Report calls for action on early years education

A new investigation by The Children’s Alliance argues urgent government action is required to make early years education fit for the 21st century.

early years education funding


A new report on early years education has laid bare the funding crisis affecting the sector and what needs to change.

The Role of the Family in Early Years Education Report specifically highlights the need for digital support for parents and families, and the importance of developing a cohesive and aligned ‘learning community’ that surrounds a child.

The Director of The Children’s Alliance, Tamsin Brewis said, “The historic concept of nuclear families with men at work and women at home ‘minding’ their children wasn’t fully representative at the time.
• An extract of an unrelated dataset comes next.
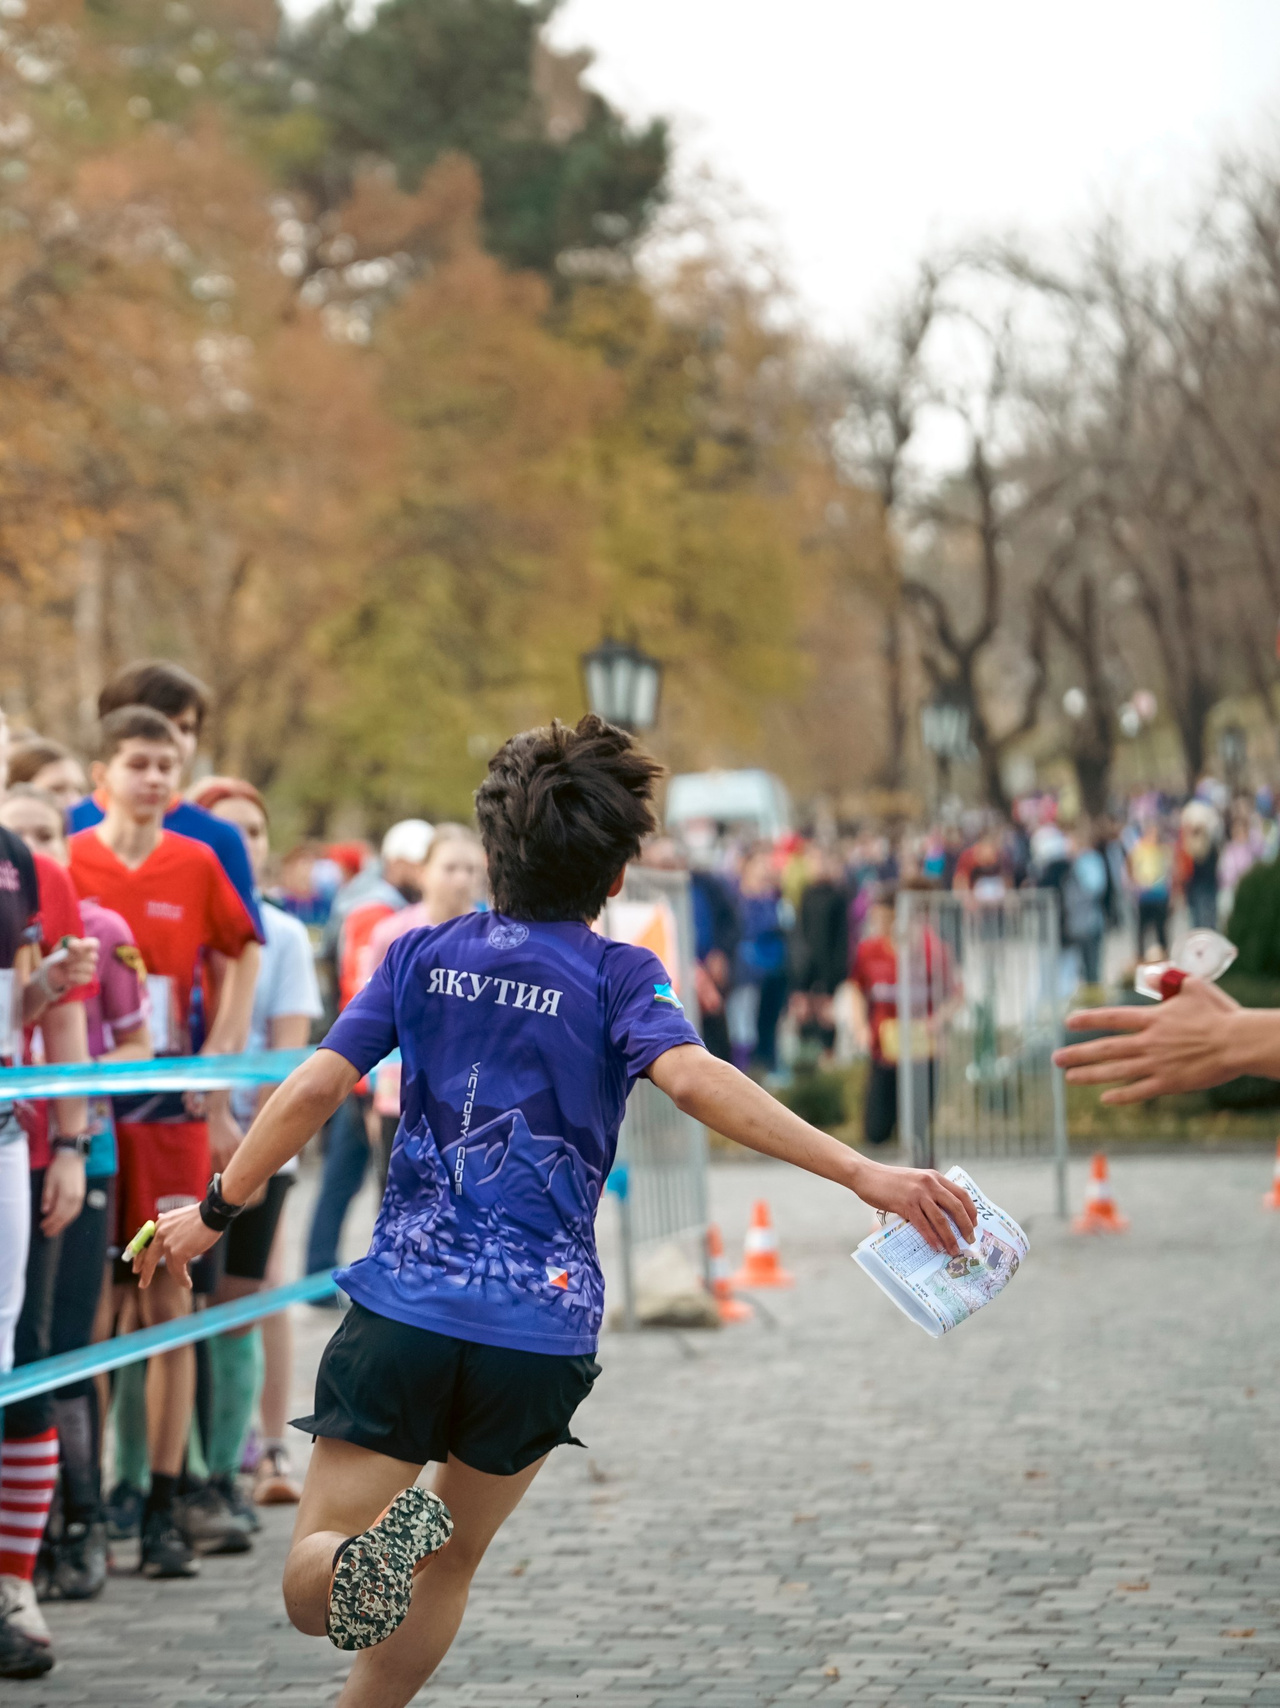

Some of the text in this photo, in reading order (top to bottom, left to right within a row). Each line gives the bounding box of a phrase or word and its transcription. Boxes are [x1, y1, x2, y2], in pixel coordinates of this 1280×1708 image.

It’s even less relevant in 2023 when there are many diverse communities throughout the UK, many different types of family, and ‘a job for life’ can’t be guaranteed for anybody.

“What hasn’t changed though is that all families play a really essential role in their children’s education from the moment of  birth and whatever their domestic and economic circumstances might be, all families should be able to access the support that they need to help their children to learn, thrive and live their best lives.”

The key demands flagged in the report are:

Government to provide funding for every region to have access to high quality digital initiatives

To enable parents and families to encourage the learning of their early years children at home as well as within, and in addition to, an external setting

The role of carer and secondary carer (such as grandparent, partner or extended family caregiver) to be recognised as part of the parenting process.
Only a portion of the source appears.